Lights up on Newburgh Illuminated

Posted By on Sun, Jun 15, 2014 at 9:00 AM

click image newburgh-illuminated-banner-bg.jpg

In the late 1800s, Thomas Edison brought his most famous invention, the electric light bulb, to Newburgh. Edison's company built the city's first power plant in 1884, making Newburgh one of the first cities in the world to be electrified. It's from this moment in history that the Newburgh Illuminated Festival (June 20-22) draws its inspiration. More than 50 giant lightbulbs will adorn the city streets, each individually decorated by local artists, as a symbol of the city's illuminated history.

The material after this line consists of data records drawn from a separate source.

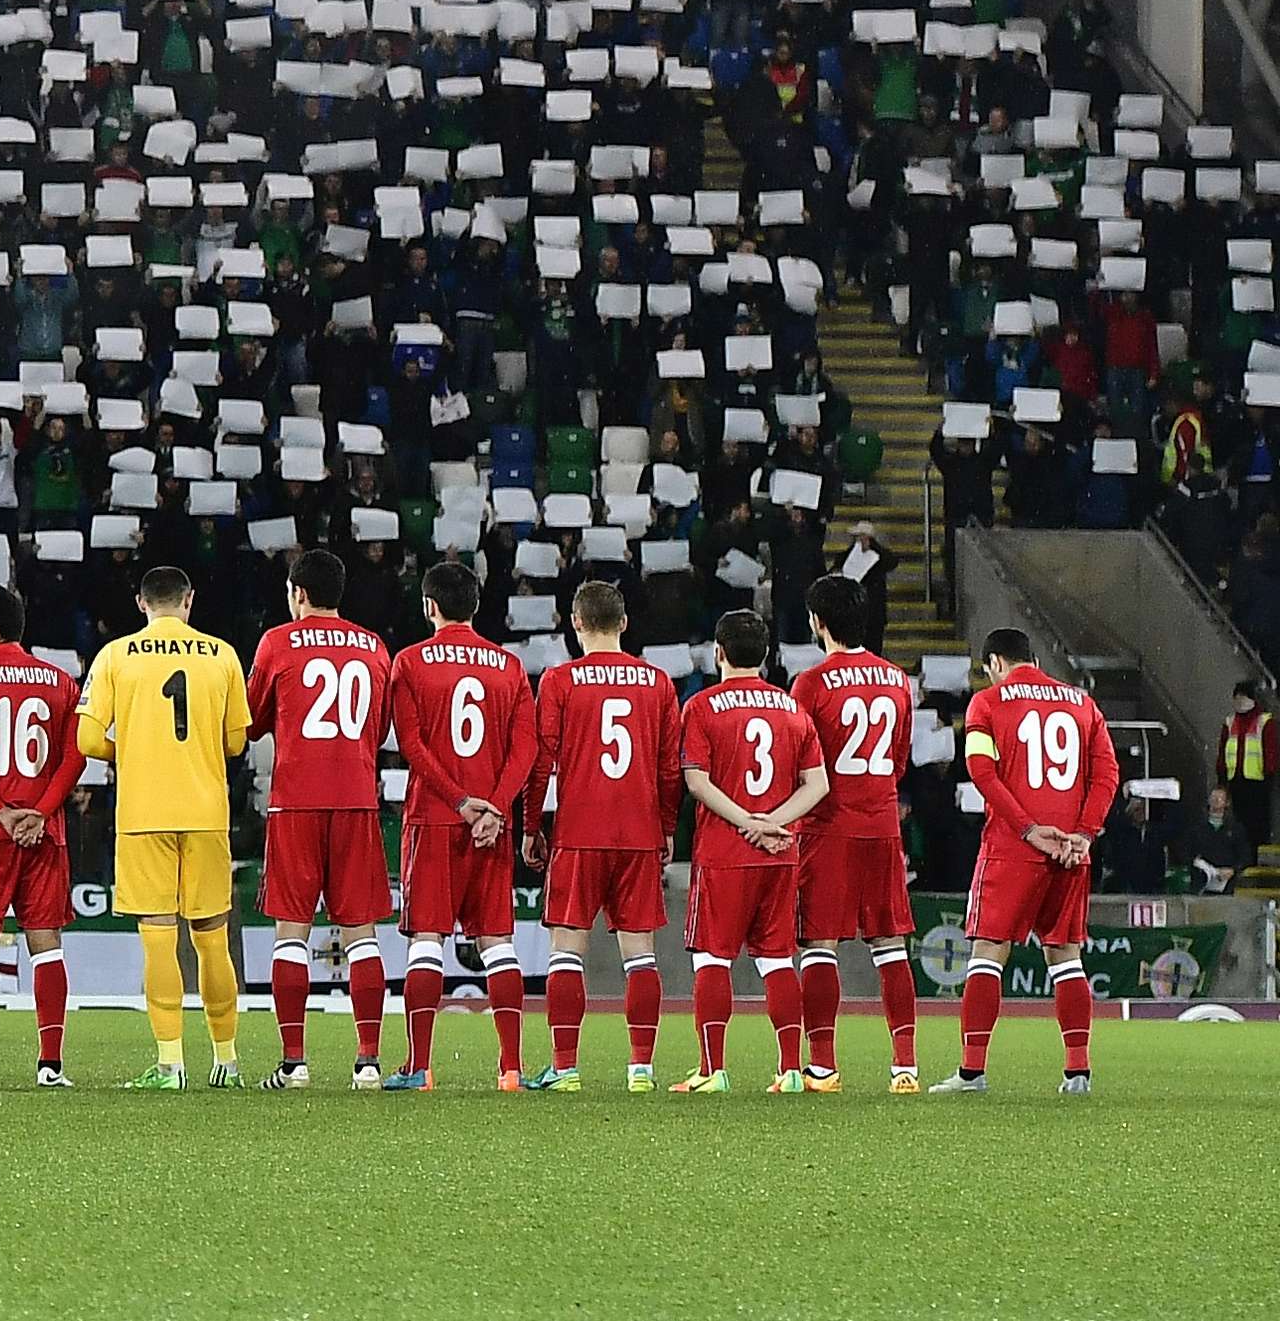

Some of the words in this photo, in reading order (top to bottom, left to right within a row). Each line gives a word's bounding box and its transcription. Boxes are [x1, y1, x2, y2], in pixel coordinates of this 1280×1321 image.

[127, 637, 221, 657] AGHAYEV
[289, 628, 377, 653] SHEIDAEV
[421, 645, 507, 672] GUSEYNOV
[571, 664, 657, 687] MEDVEDEV
[821, 666, 904, 690] ISMAYILOV
[162, 669, 188, 742] 1
[301, 658, 372, 740] 20
[450, 676, 485, 757] 6
[834, 696, 897, 776] 22
[600, 698, 632, 779] 5
[745, 717, 774, 796] 3
[1017, 710, 1080, 791] 19

Even before that, Newburgh was a bustling mini-metropolis, a hub of transportation, industry, and manufacturing, producing everything from boxes to bricks. In 1939, RCA test-marketed their new invention, the television set, in Newburgh, a good decade before Milton Berle and Lucille Ball turned the device into a must have for the rest of America. Now as the city has begun to see some signs of economic growth the organizers of the festival aim to highlight the city's storied history while also emphasizing the renewal and potential of the present day.

Under the theme “Made in Newburgh,” the festival will feature an exhibit by the Historical Society of Newburgh Bay and the Highlands that aims to tell the story of the manufacturing history of Newburgh. Other events include a punk concert Friday evening, special children's activities Saturday, and an art show Sunday afternoon. The festival runs from June 20-22, for more information check out their website. The exhibit will be on display between June 22 and August 30 at the Captain David Crawford House, see the historical society's website for more information.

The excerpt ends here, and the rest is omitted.